Recorded data
BEGIN
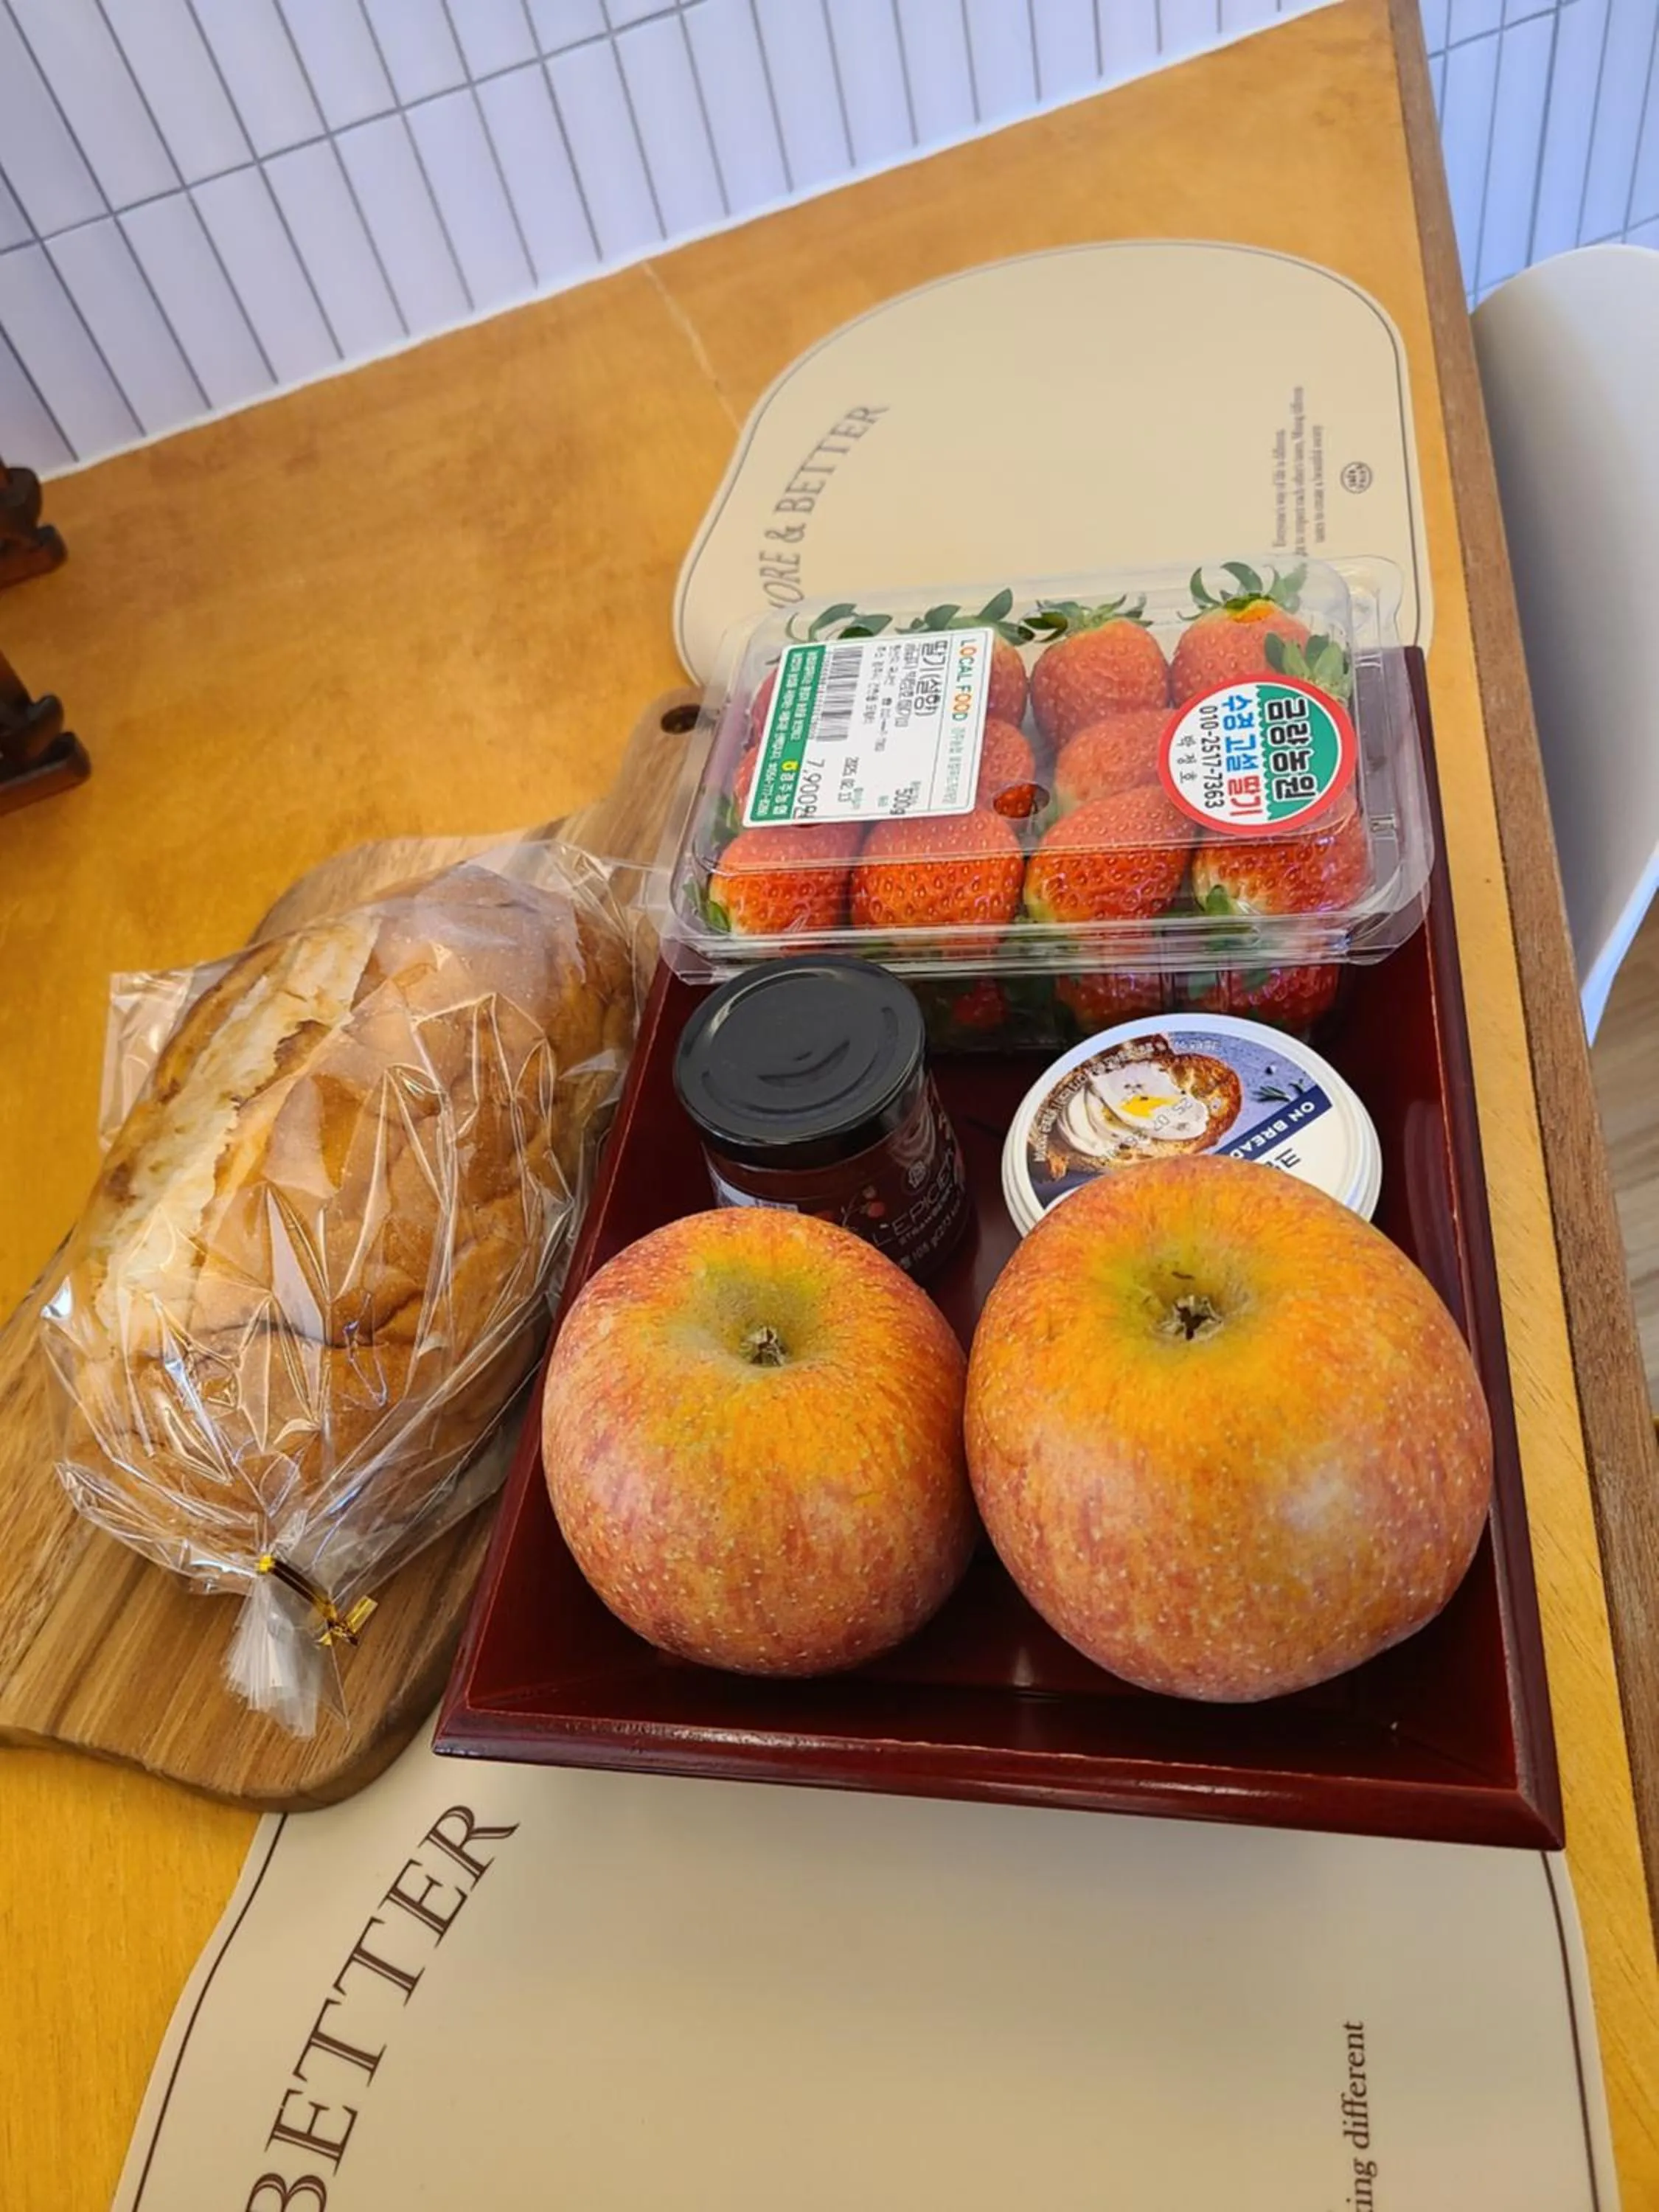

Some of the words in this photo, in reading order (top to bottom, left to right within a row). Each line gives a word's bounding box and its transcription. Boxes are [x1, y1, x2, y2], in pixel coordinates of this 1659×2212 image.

[773, 406, 889, 515] BETTER
[764, 523, 807, 544] &
[758, 552, 804, 609] ORE
[911, 639, 947, 717] 딸기(설향)
[955, 638, 977, 682] LOCAL
[950, 684, 972, 722] FOOD
[1198, 705, 1224, 809] 010-2517-7363
[791, 759, 826, 819] 7,900원
[890, 787, 912, 815] 500g
[1226, 774, 1262, 816] 딸기
[1287, 1100, 1315, 1121] ON
[1228, 1116, 1287, 1159] BREAD
[246, 1804, 521, 2212] BETTER
[1340, 2021, 1371, 2149] different
END
**Task instructions**.
Return the complete data unchanged and include none of the pictures.

**Exercise response**.
Some of the words in this photo, in reading order (top to bottom, left to right within a row). Each line gives a word's bounding box and its transcription. Boxes are [x1, y1, x2, y2], in pixel coordinates of this 1659×2212 image.

[773, 406, 889, 515] BETTER
[764, 523, 807, 544] &
[758, 552, 804, 609] ORE
[911, 639, 947, 717] 딸기(설향)
[955, 638, 977, 682] LOCAL
[950, 684, 972, 722] FOOD
[1198, 705, 1224, 809] 010-2517-7363
[791, 759, 826, 819] 7,900원
[890, 787, 912, 815] 500g
[1226, 774, 1262, 816] 딸기
[1287, 1100, 1315, 1121] ON
[1228, 1116, 1287, 1159] BREAD
[246, 1804, 521, 2212] BETTER
[1340, 2021, 1371, 2149] different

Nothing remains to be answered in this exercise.